__WORK INSTRUCTIONS__:
An exact restatement of the data below, with the pictures removed, is the required answer.

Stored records
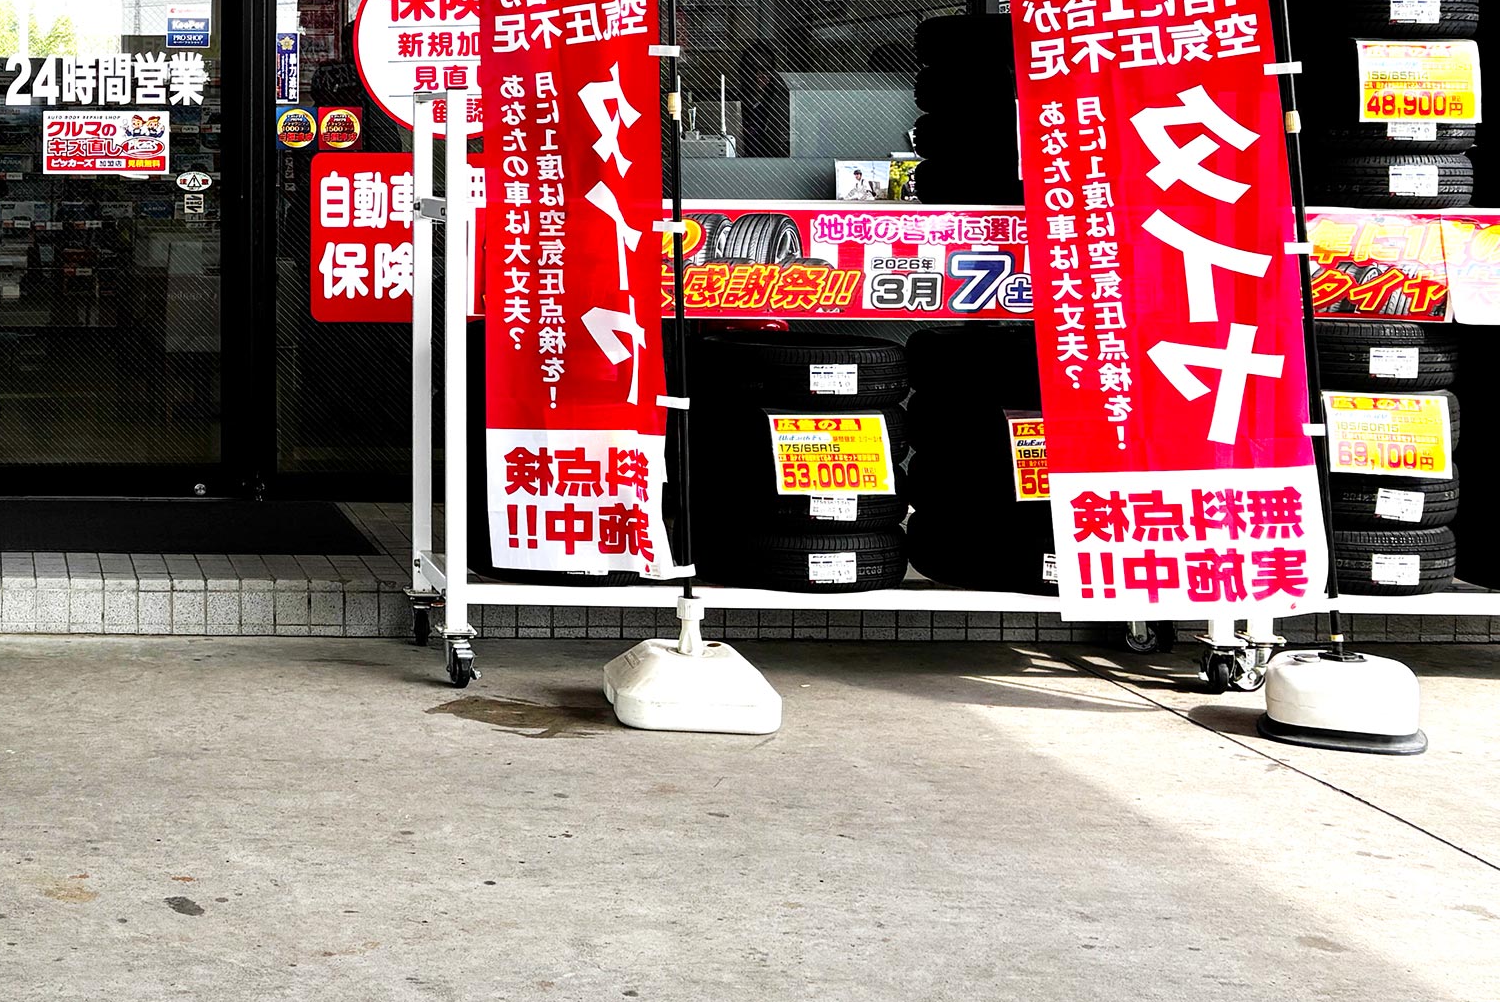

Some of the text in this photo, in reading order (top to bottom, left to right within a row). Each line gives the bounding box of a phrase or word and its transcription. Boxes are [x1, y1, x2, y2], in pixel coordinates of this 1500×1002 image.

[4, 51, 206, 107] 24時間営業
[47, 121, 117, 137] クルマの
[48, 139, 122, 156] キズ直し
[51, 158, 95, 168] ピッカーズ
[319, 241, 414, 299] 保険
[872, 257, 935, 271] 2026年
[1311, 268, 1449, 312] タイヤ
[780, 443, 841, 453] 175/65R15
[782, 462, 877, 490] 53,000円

__SOLUTION TO THE EXERCISE__:
Some of the text in this photo, in reading order (top to bottom, left to right within a row). Each line gives the bounding box of a phrase or word and its transcription. Boxes are [x1, y1, x2, y2], in pixel coordinates of this 1500×1002 image.

[4, 51, 206, 107] 24時間営業
[47, 121, 117, 137] クルマの
[48, 139, 122, 156] キズ直し
[51, 158, 95, 168] ピッカーズ
[319, 241, 414, 299] 保険
[872, 257, 935, 271] 2026年
[1311, 268, 1449, 312] タイヤ
[780, 443, 841, 453] 175/65R15
[782, 462, 877, 490] 53,000円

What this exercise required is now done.